Marianne Durano est professeure « agrégée » de philosophie, membre fondatrice de la revue d’écologie intégrale « Limite ». Elle a pris part au mouvement de La Manif pour tous. Tant de lectures, tant de diplômes pour dire « faut faire avec », et « qu’est-ce qu’on attend pour faire la fête », et encore « tant qu’il y a la vie il y a l’espoir », et encore, et encore,… Au marché, au bistrot, dans ma tête, j’en dispose d’un inépuisable stock, vous aussi ! Pour en savoir pus sur l’antimalthusianisme de Marianne Durano, sur notre blog biosphere :

Marianne Durano : « ça te fait quoi, petite jouisseuse des temps modernes, d’être obligée de bouffer docilement ton médoc tous les matins pour pouvoir baiser tranquille le soir ? De laisser ton ventre aux mains des spécialistes, pour qu’ils y enracinent des bouts de ferraille ? … Le malthusien préfère ligaturer les trompes de sa femme plutôt que se serrer la ceinture … Je préfère dépenser en soupes pour bébés bios ce que vous gaspillez en condoms irresponsables. » Je laisse à Marianne la responsabilité de ses propos !

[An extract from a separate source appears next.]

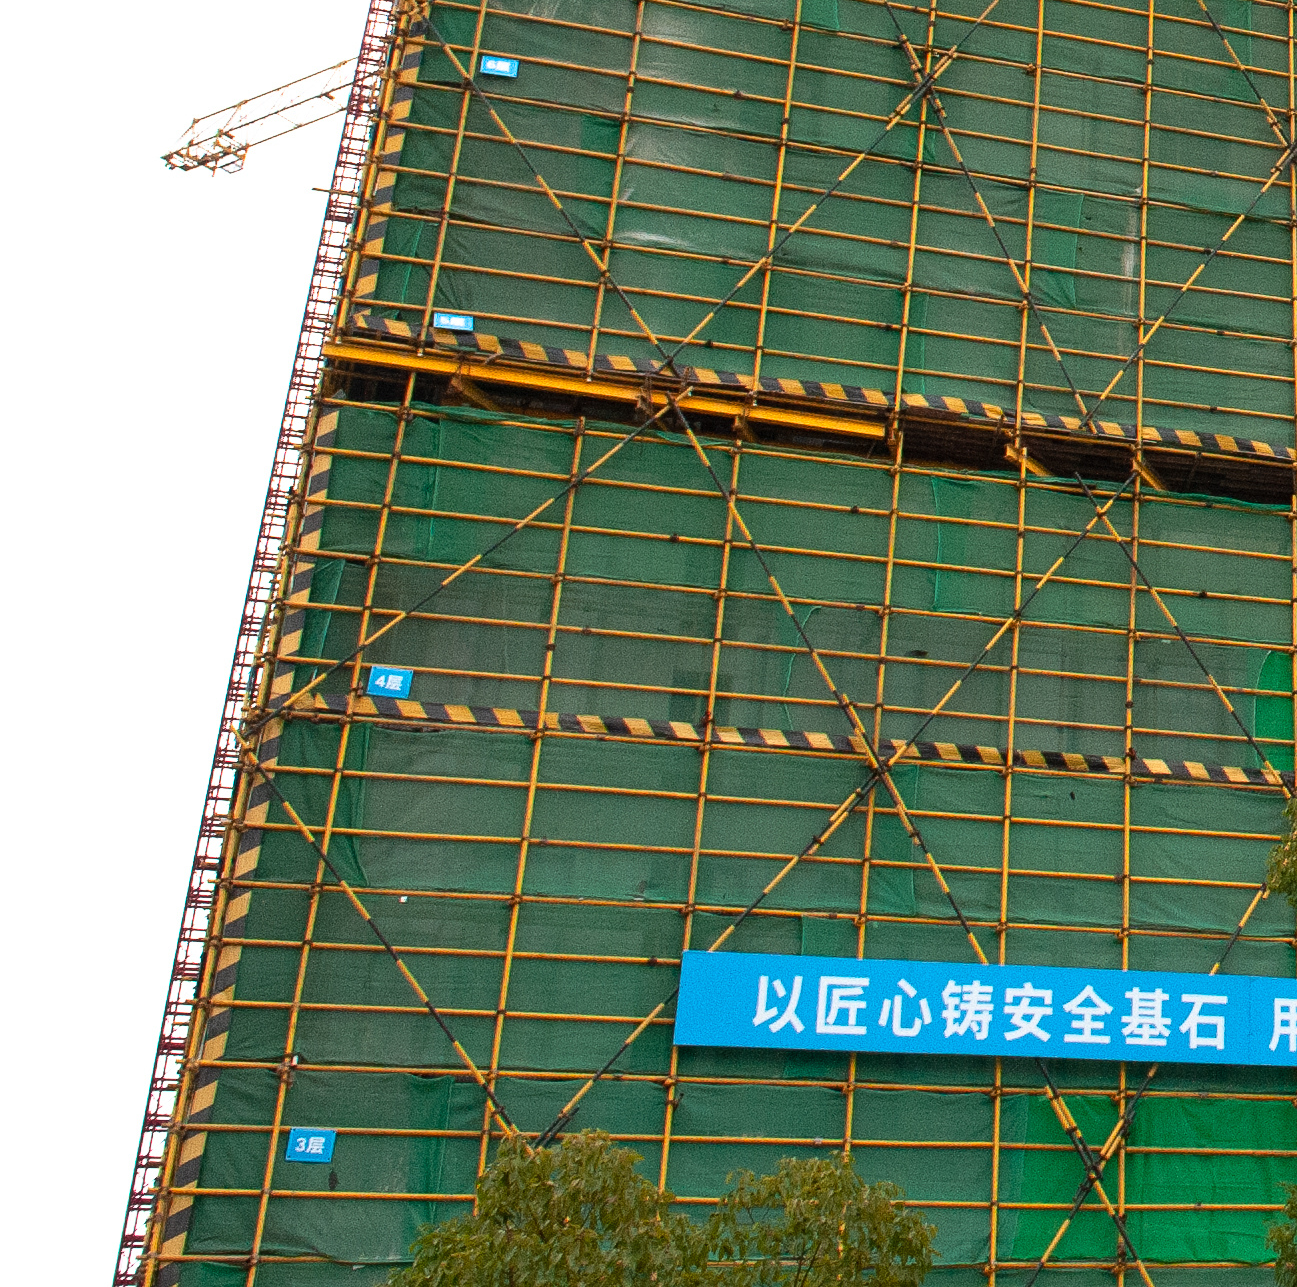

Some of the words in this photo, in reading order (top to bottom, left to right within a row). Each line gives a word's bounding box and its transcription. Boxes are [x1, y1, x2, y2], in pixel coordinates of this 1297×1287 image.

(11 novembre 2015, Limite, revue d’écologie intégrale… antimalthusienne)

* LE MONDE du 25 juillet 2019, « Nous ne sommes pas la cause de la fin du monde, mais la fin du monde nous donne une cause : vivre la meilleure vie possible »

2 réflexions sur “Faire un enfant quand tout est foutu”

  1. – « Le malthusien préfère ligaturer les trompes de sa femme plutôt que se serrer la ceinture. » (Marianne Durano). C’est rigolo, après tout c’est possible, c’est probable qu’il en existe des comme ça, comme il est également possible de trouver un malthusien qui ne porte pas de ceinture, ni même de bretelles. Et je ne vois pas ce qui empêcherait un malthusien d’être célibataire ou veuf, ou moine. Pourquoi le malthusien devrait-il avoir une femme, et pourquoi ne pourrait-il pas être polygame, ou alors homosexuel, ou impuissant ou que sais je d’autre ? Et idem en ce qui con cerne l’ « anti-malthusien ». Quoi qu’il en soit je trouve rigolo ce besoin ou cette manie de voir le monde en binaire, de le peindre en noir et blanc. D’autant plus rigolo que cette tare transcende les partis, les étiquettes, les chapelles etc.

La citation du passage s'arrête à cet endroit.